Wednesday, November 11, 2009

Girls weekend in KagaOnsen, Part 1

Me and Miyuki on the balcony of our room, obviously very excited!

View from our huge room at Nagayama Rokyan

Yoko, my Japanese teacher, is such a star! This weekend she organised a girly stayover at a ryokan (Japanese style hotel) called Nagayama (ながやま) for 13 of us ladies in KagaOnsen. She'd found a deal in the paper (which of course I can't read so I'd never know about it) for ¥6500 about ₤43 which included a night's stay, onsen (hot spring) to use as many time as you want, all you can eat buffet dinner (known as tabehoudai), after dinner show entertainment and a buffet breakfast the next morning. Bargain!

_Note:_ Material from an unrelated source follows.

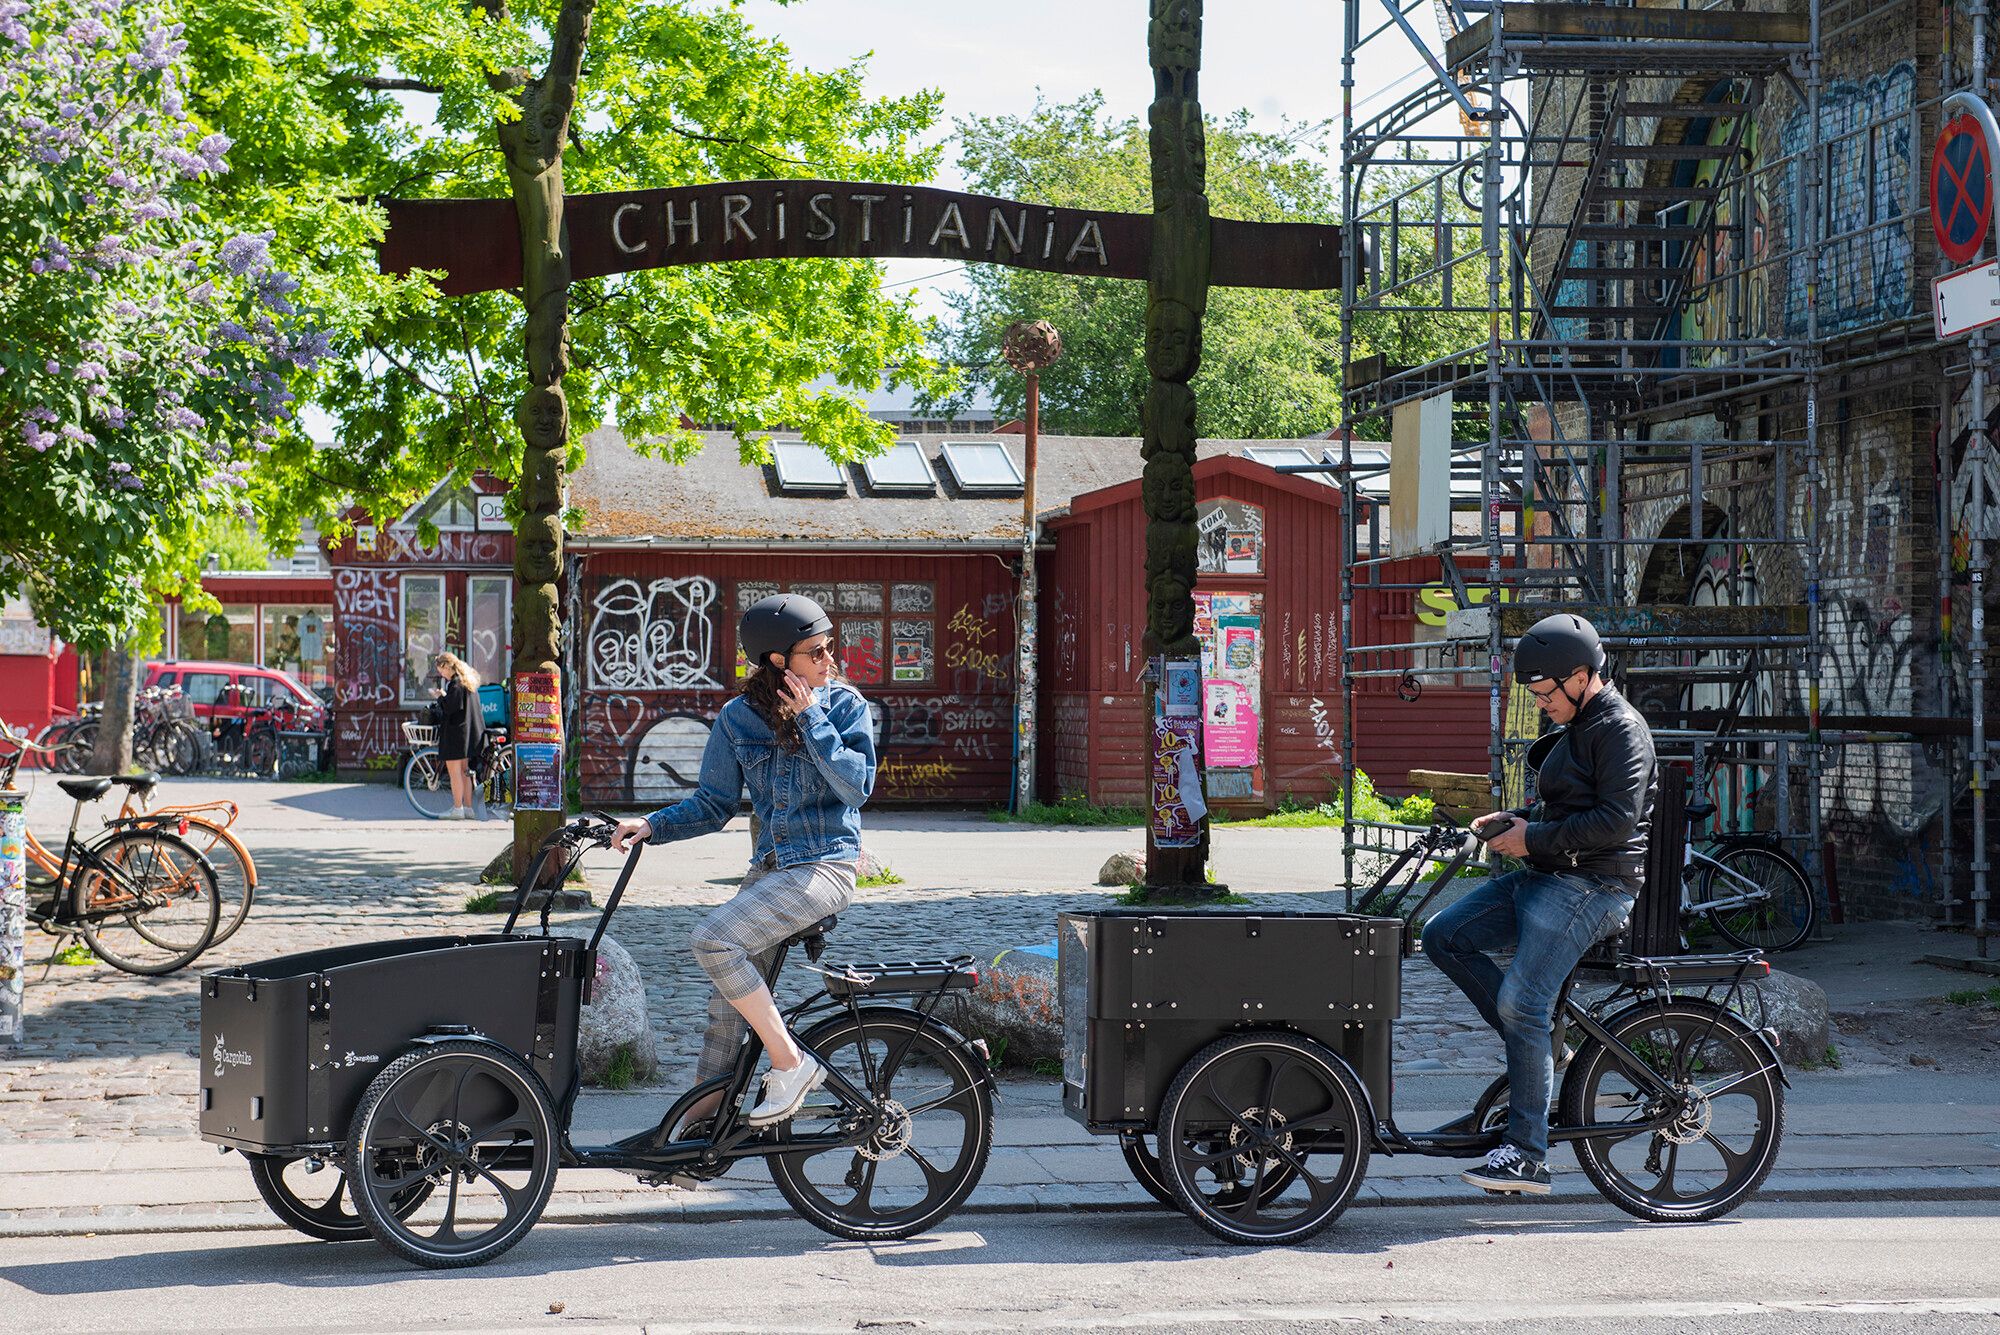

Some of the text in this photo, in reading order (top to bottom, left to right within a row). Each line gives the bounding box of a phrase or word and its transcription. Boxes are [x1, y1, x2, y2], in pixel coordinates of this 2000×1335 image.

[1200, 509, 1225, 532] KOKO
[1629, 637, 1648, 645] FONT
[1161, 731, 1176, 748] 10
[223, 1049, 252, 1067] Cargobike

Any preconceptions I had about the Japanese being an enchanting and mysterious race (probably spawned from seeing countless exotic images of Geisha, their bowing culture and other fine etiquettes) were blown out of the water for me this weekend because, believe it or not....the Japanese are huge fans of Butlins type TACKINESS! They love it, in fact they revel in it. I thought it was only us Brits! This weekend was such an eye opener into what the average Japanese family do at weekends.

I have so much to write about I'll split it into several posts. So we met at Kanazawa station and took a train (about 30 mins) directly to KagaOnsen station. We then all piled on a little bus whose conductor was probably older than Grandad, bless.


Choosing our yukatas (I had to have "large" damn those Japanese for being so teeny!)

Got to the ryokan (which was huge) and spent a lot of time deciding on which yukata (summer style kimono) we wanted to wear. Once you have your yukata you can wear this everywhere, for dinner, in the bar etc like being at a health farm at home)

Some of our futon beds lined , very cosy!

Our room was huge and looked like a girls dormitory, only Japanese style of course (futon beds lined up on the floor)


Me and the ladies having Japanese tea in our room at Nagayama ryokan


Homemade rice crackers (sembei)

We then sat on floor cushions and polished off the complimentary green tea and mochi (pounded rice cake) in seconds. Once this was gone, the older ladies brought out more food, homemade rice crackers, oranges, chestnut cake and pastries. I don't know how the Japanese stay so thin!

We then all trooped off to the onsen (hot spring) on the 6th floor in our yukatas. Being the ONLY gaijin (foreigner) in the whole hotel I was actually thinking that eyes were going to be all on me in the onsen (you see you have to go naked in an onsen) especially with all my cellulite wobbling about with nothing for it to comfortably hide behind but was relieved when they didn't stare at all. Although who knows what they were doing behind my back!

Early dinner at 5pm in the "restaurant" which was more like a canteen packed with about 150 Japanese adults and kids running about everywhere. I so wish I'd filmed the ABSOLUTE frenzy of the Japanese around the buffet. I thought it was bad in India! Everyone pushing and shoving (esp around the sushi table), trays getting dropped on the floor and the kids hogging the chocolate fondue fountain. Crazy...

The buffet was amazing though, a huge salmon with head and tail cut open like we have in England, the only difference being that the Japanese were eating the salmon raw. I do actually love sashimi (raw fish without the rice) but actually picking pieces directly out of a whole fish did make my stomach turn a bit. The buffet also had miso soup, tempura vegetables with a dipping sauce, 3 kinds fo rice (plain, adzuke bean and chestnut), pickled fish, boiled tofu and soy, chawamushi (Japanese steamed egg custard), green sesame beans, sesame aubergine and countless varieties of sushi (squid, octopus, salmon, tuna etc). There was even a "western buffet counter" with (I hang my head with shame) chips and deep fried fish cutlets....
Anyway here are my first helpings, all washed down with a glass of nama! (draft beer)!

My first helpings from the buffet....


Dinner was followed by cake and ice . We then we all hit the hotel's own little theatre en masse. I'll write about that in another post.